Phrase grounding data »
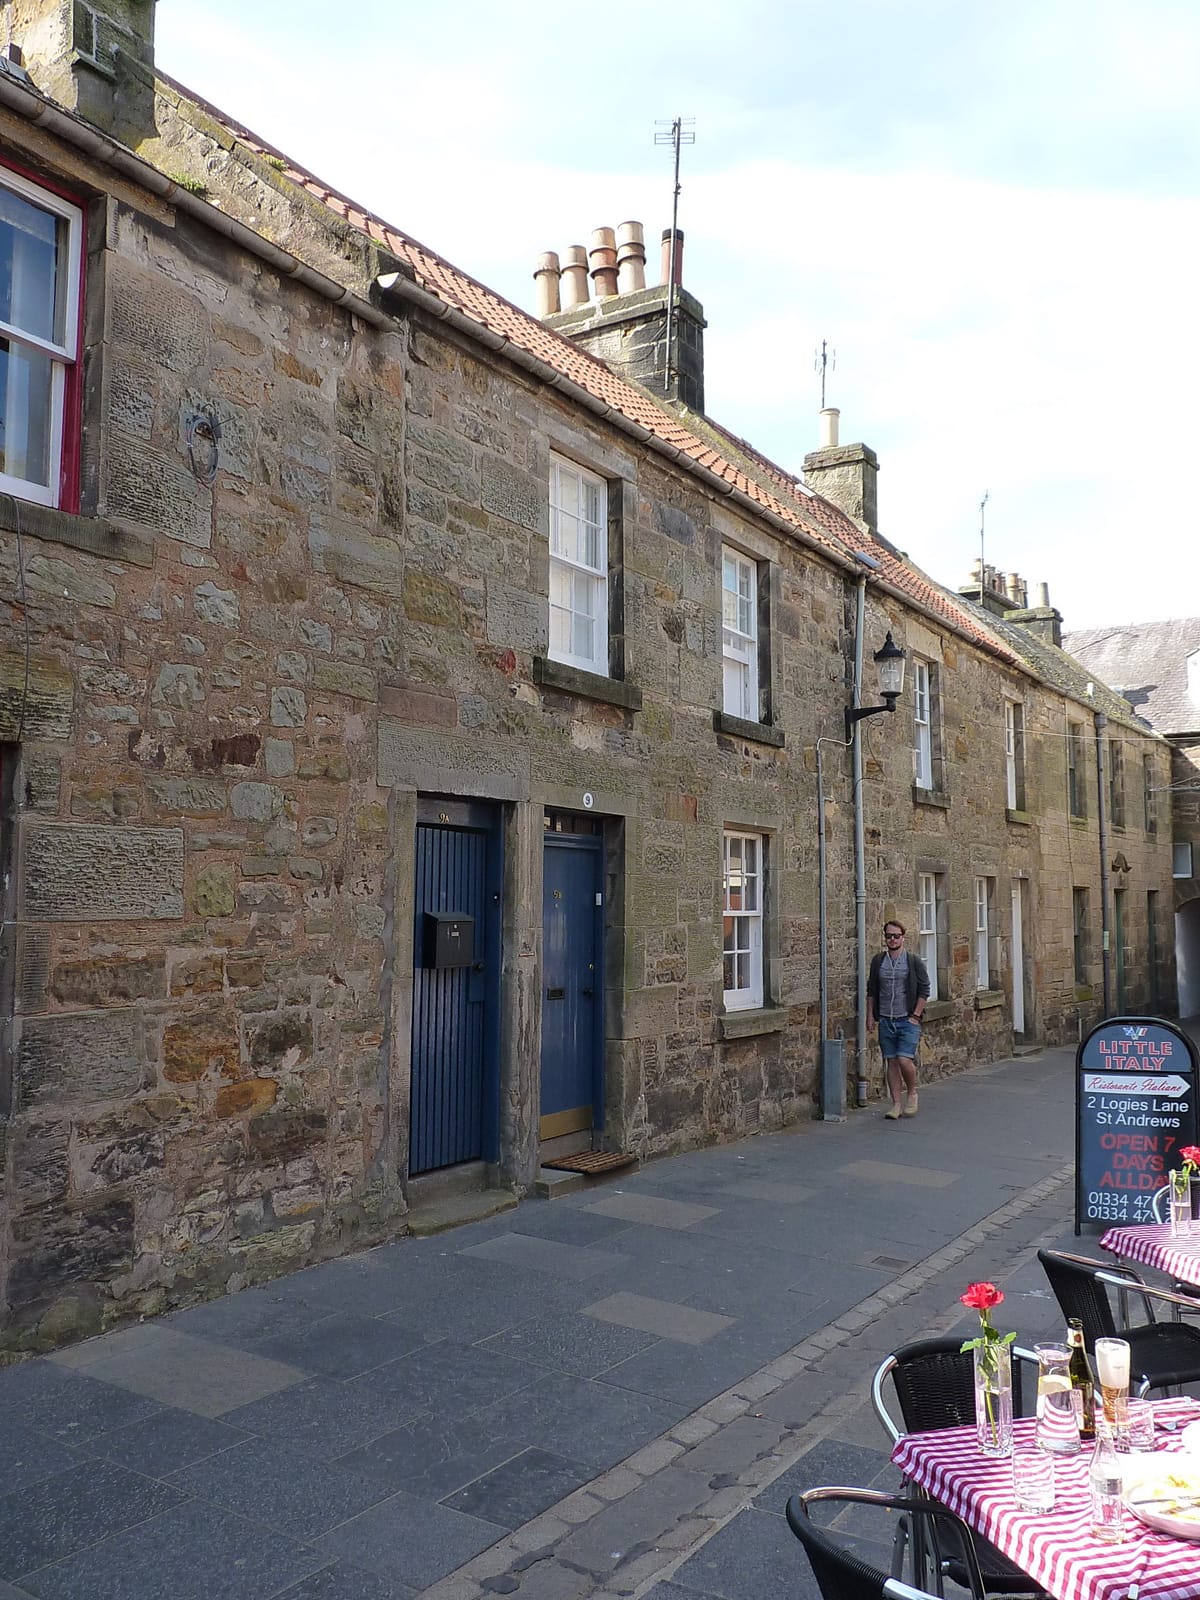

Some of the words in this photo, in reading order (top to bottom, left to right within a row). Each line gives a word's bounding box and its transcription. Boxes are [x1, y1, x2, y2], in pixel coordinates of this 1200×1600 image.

[1099, 1040, 1173, 1056] LITTLE
[1105, 1055, 1166, 1071] ITALY
[1088, 1076, 1138, 1091] Ristorante
[1087, 1096, 1096, 1108] 2
[1101, 1097, 1149, 1113] Logies
[1153, 1099, 1189, 1113] Lane
[1096, 1112, 1112, 1125] St
[1115, 1113, 1181, 1128] Andrews
[1100, 1132, 1158, 1152] OPEN
[1163, 1136, 1176, 1153] 7
[1112, 1152, 1164, 1171] DAYS
[1088, 1191, 1129, 1207] 01334
[1087, 1205, 1128, 1220] 01334
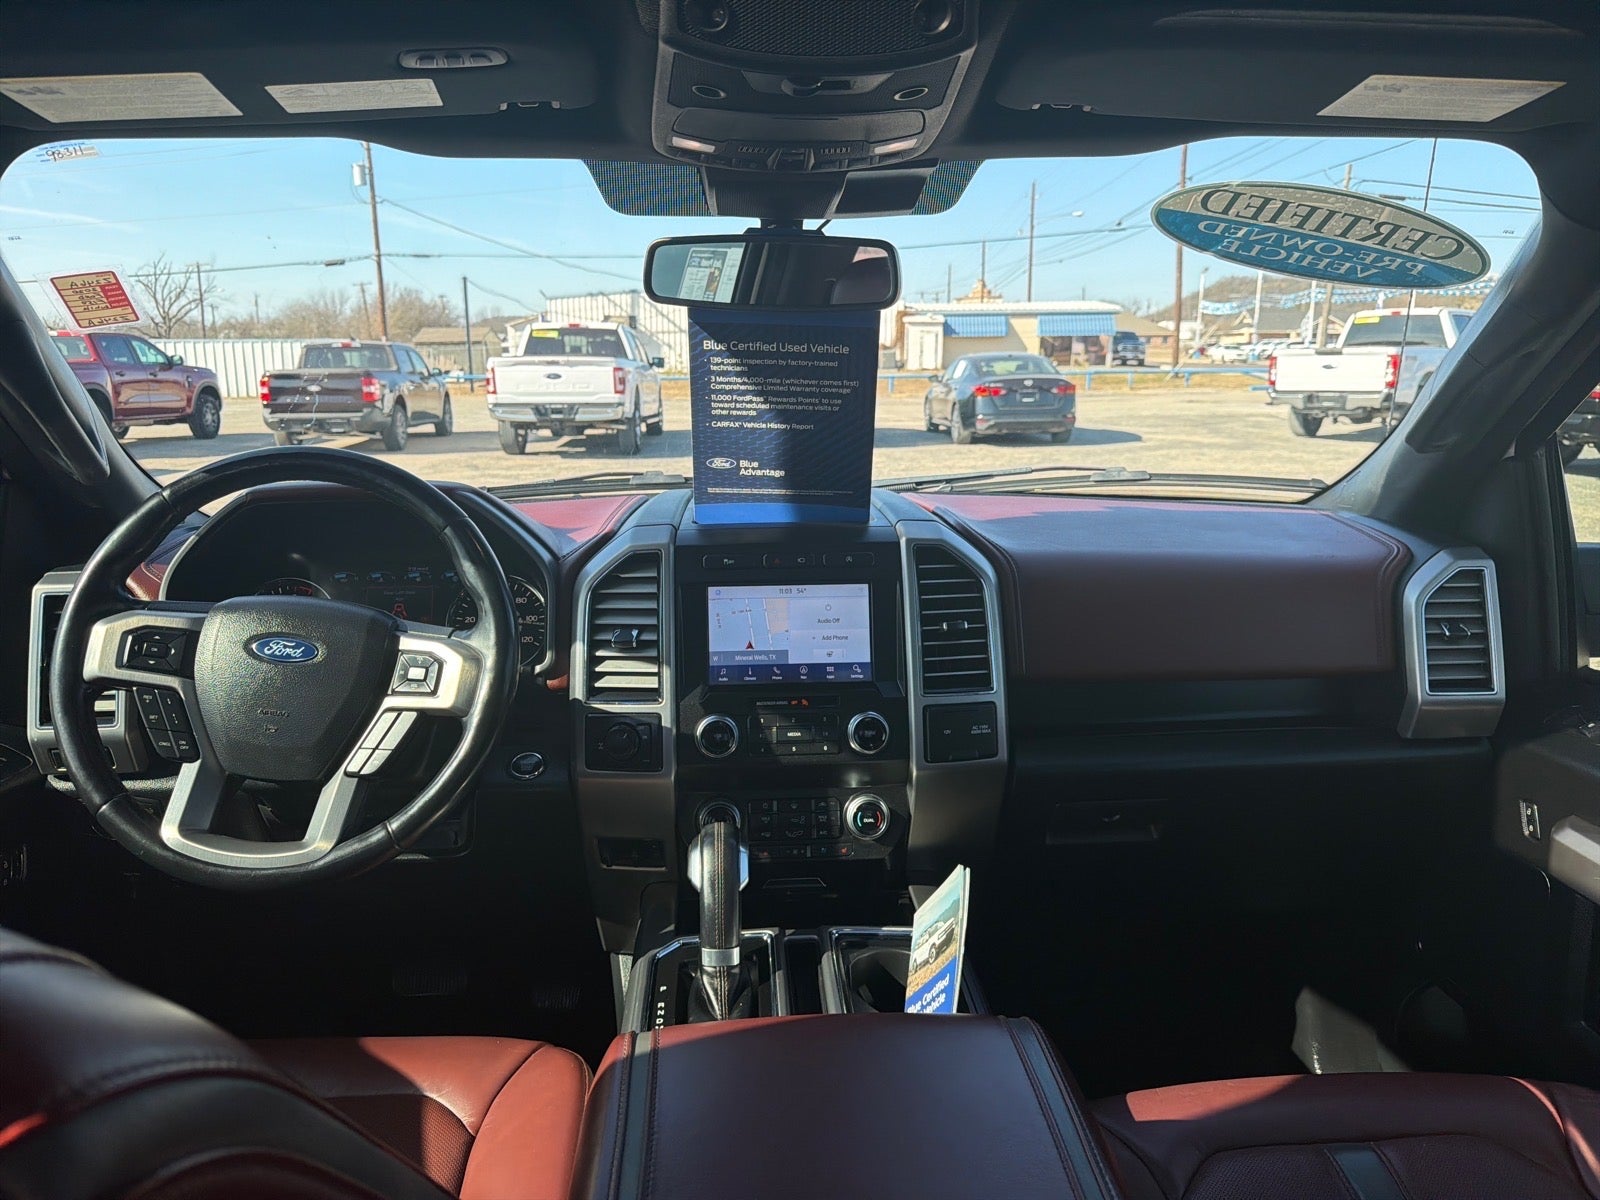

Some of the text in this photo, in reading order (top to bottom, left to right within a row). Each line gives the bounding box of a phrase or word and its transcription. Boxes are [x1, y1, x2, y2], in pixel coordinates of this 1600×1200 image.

What to work on » Give an exact copy of the entries, excluding all pictures.

Task solution »
Some of the words in this photo, in reading order (top to bottom, left to right within a row). Each line gives a word's bounding box and its transcription. Boxes are [x1, y1, x2, y2], in pixel coordinates of this 1200×1600 image.

[1099, 1040, 1173, 1056] LITTLE
[1105, 1055, 1166, 1071] ITALY
[1088, 1076, 1138, 1091] Ristorante
[1087, 1096, 1096, 1108] 2
[1101, 1097, 1149, 1113] Logies
[1153, 1099, 1189, 1113] Lane
[1096, 1112, 1112, 1125] St
[1115, 1113, 1181, 1128] Andrews
[1100, 1132, 1158, 1152] OPEN
[1163, 1136, 1176, 1153] 7
[1112, 1152, 1164, 1171] DAYS
[1088, 1191, 1129, 1207] 01334
[1087, 1205, 1128, 1220] 01334

Some of the text in this photo, in reading order (top to bottom, left to right within a row). Each line gives the bounding box of a phrase or word and its transcription. Boxes are [x1, y1, x2, y2], in pixel coordinates of this 1600×1200 image.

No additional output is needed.